Varun Raj
Software Engineer at Google

FELLOW MEMBER
Varun Raj has established a strong professional record in large-scale distributed systems and AI/ML infrastructure, building a career over approximately eight years around performance optimization, release automation, observability, and developer productivity at some of the world’s most demanding technology platforms. His work has consistently focused on designing infrastructure that improves system efficiency, reliability, and deployment velocity in environments that process enormous traffic volumes.
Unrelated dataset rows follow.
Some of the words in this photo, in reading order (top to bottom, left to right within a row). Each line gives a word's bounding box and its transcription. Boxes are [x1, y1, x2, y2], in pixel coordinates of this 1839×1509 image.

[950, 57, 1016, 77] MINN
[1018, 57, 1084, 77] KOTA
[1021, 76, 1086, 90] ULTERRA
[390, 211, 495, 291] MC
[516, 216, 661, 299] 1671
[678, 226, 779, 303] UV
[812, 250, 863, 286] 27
Across projects at Google and Oracle, he has contributed to the practical advancement of computer science through systems that enhance the performance of distributed services, improve visibility into high-scale execution environments, and automate the safe release of complex software systems.
One of the most technically significant initiatives in his career was the State-Aware RPC Load Balancing and Probing Framework developed during his time at Google, where he worked at the intersection of Google Ads Serving and the Core RPC teams. In this effort, Varun Raj contributed to modernizing load-balancing mechanisms across large-scale clusters by architecting a system capable of routing requests based on real-time server state, including queue depth and CPU availability. The innovation of this project came from replacing static distribution methods with a state-aware routing model that actively evaluated server health before dispatching traffic. Through his work designing the evaluation framework and implementing probing mechanisms, the system improved RPC efficiency for highly latency-sensitive services, including infrastructure supporting Google Search, Ads, and Gemini.
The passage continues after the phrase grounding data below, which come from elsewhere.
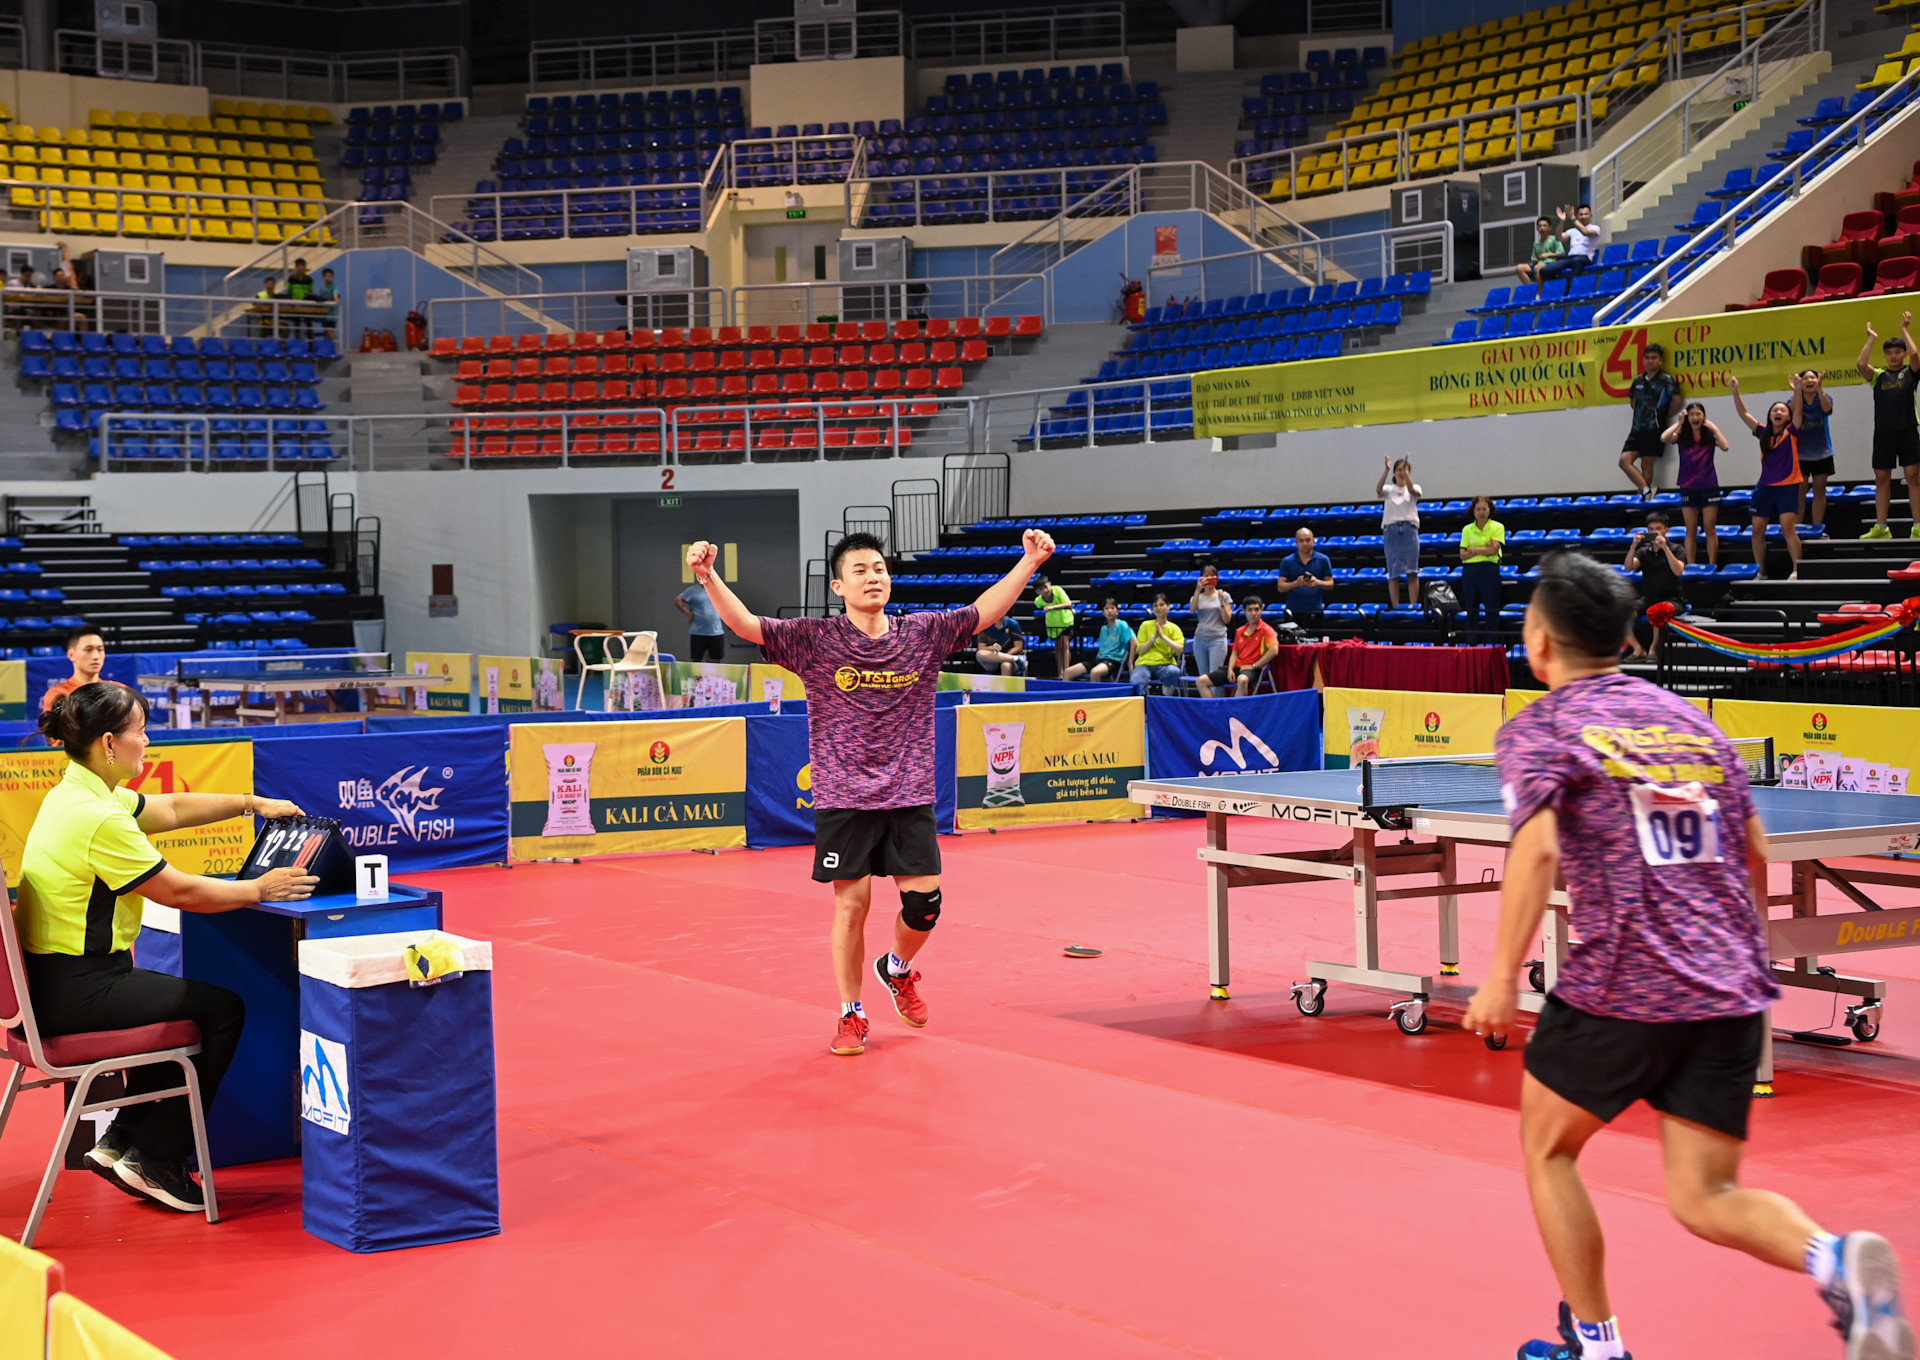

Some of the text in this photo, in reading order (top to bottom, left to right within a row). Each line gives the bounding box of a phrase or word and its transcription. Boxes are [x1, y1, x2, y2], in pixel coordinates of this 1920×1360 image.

[1674, 325, 1712, 346] CÚP
[1482, 345, 1514, 365] GIẢI
[1520, 340, 1541, 361] VÔ
[1674, 336, 1826, 368] PETROVIETNAM
[1430, 360, 1587, 391] BÓNG BÀN QUỐC GIA
[1469, 381, 1585, 409] BÁO NHÂN DÂN
[661, 469, 675, 489] 2
[660, 498, 680, 506] EXIT
[993, 750, 1015, 763] NPK
[1043, 751, 1120, 768] NPK CÀ MAU
[557, 785, 582, 793] KALI
[1047, 778, 1066, 788] Chất
[1067, 778, 1090, 788] lượng
[1090, 776, 1098, 784] đi
[1813, 775, 1833, 785] NPK
[1095, 787, 1108, 795] lâu
[605, 801, 726, 825] KALI CÀ MAU
[1197, 801, 1211, 810] FISH
[1272, 803, 1359, 827] MOFIT
[418, 818, 455, 842] FISH
[156, 835, 243, 849] PETROVIETNAM
[209, 847, 243, 857] PVCFC
[256, 828, 287, 867] 12
[203, 857, 245, 874] 2023
[363, 862, 382, 888] T
[1837, 920, 1908, 946] DOUBLE
[303, 1103, 348, 1131] MOFIT
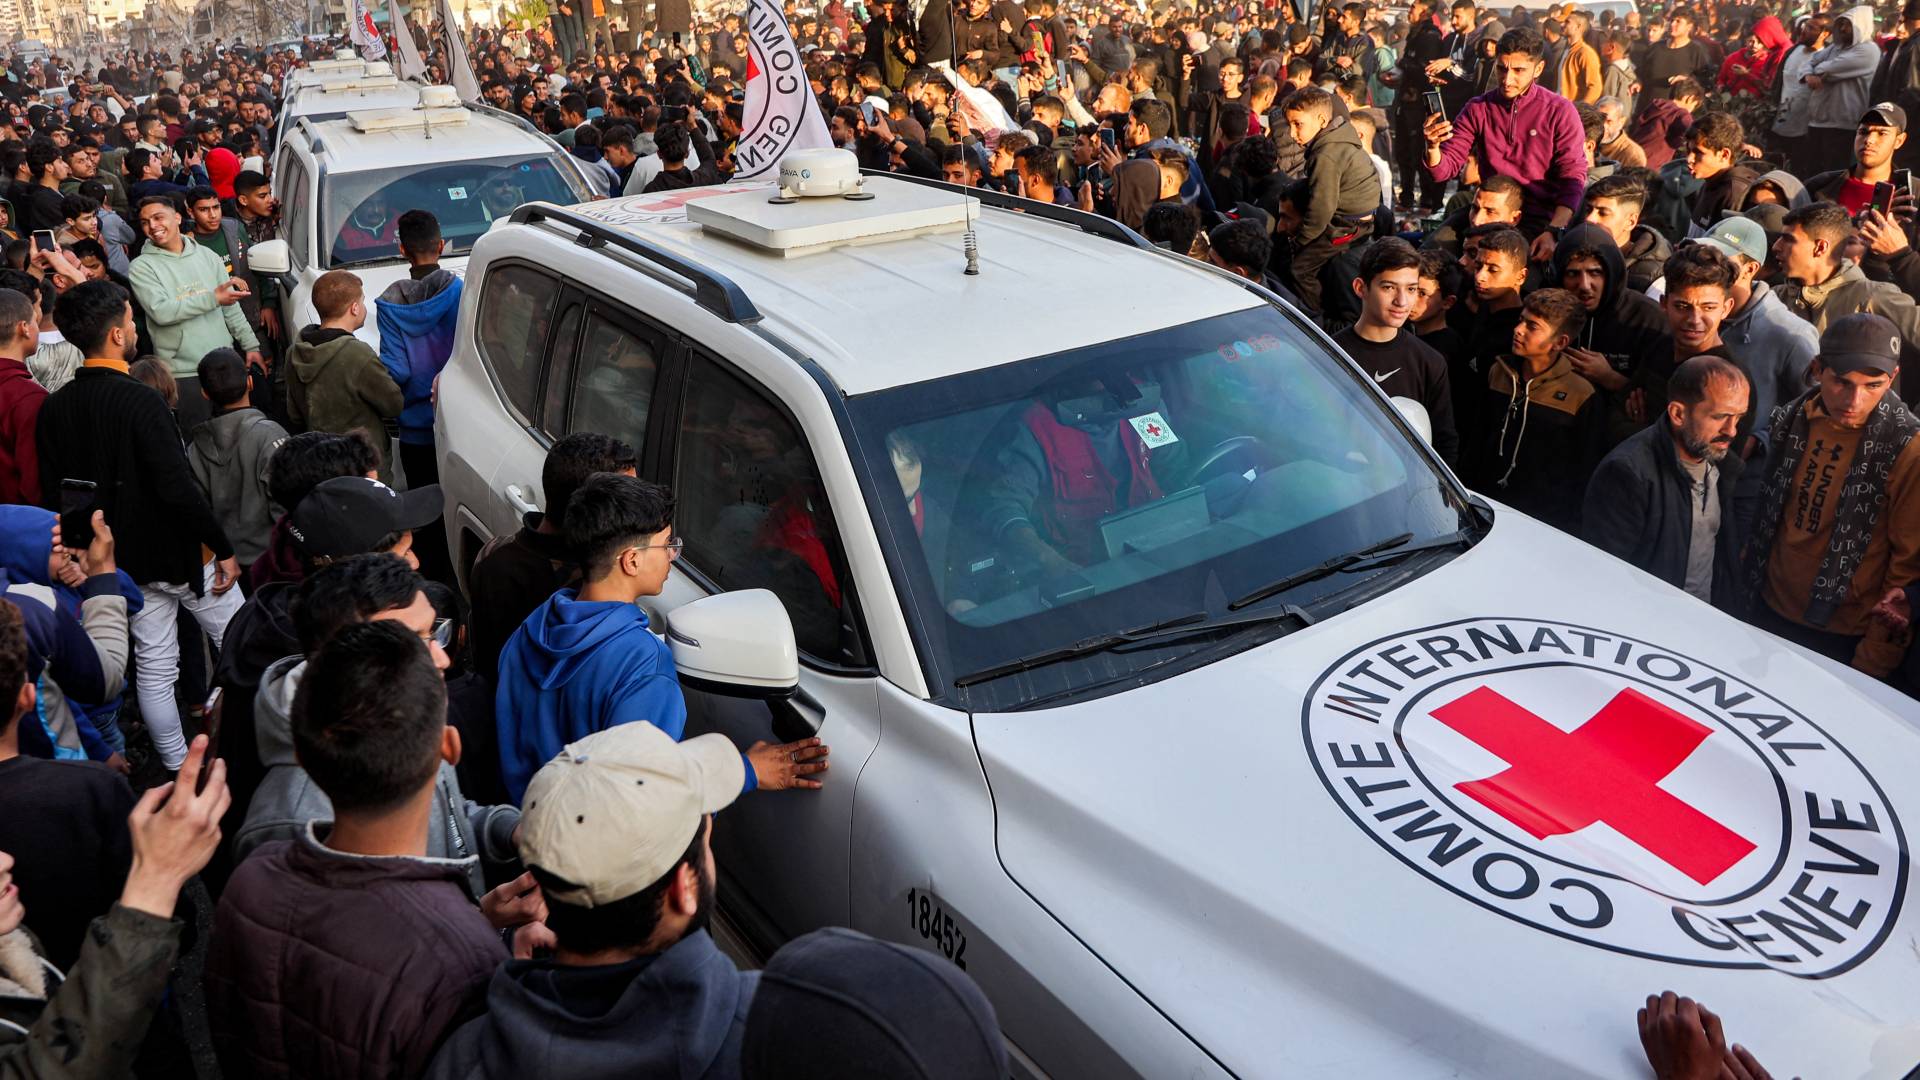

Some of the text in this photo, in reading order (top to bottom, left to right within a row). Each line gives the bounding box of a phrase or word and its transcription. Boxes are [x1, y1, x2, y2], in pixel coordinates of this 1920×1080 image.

[1794, 460, 1818, 529] ARMOUR
[1807, 464, 1836, 534] UNDER
[1323, 623, 1826, 929] COMITE INTERNATIONAL
[1671, 790, 1882, 963] GENEVE
[907, 887, 967, 972] 18452
Another major contribution was his work on the Automated Profile Guided Optimization (AutoPGO) Framework, a system designed to optimize critical binaries using actual production traffic behavior. In this project, his objective was to bridge the gap between real-world workload patterns and compiler-level optimization. He helped architect a framework that automatically generated representative load tests from sampled production queries and fed execution profiles back into the compiler so optimized binaries could be produced based on live usage patterns. This work was particularly innovative because it automated the feedback loop between production traffic and compiler tuning, allowing binaries to be continuously optimized in alignment with actual system behavior. His contributions included designing the optimization pipeline, integrating automated profile generation into release workflows, and coordinating closely with compiler and infrastructure teams to ensure precise profile utilization.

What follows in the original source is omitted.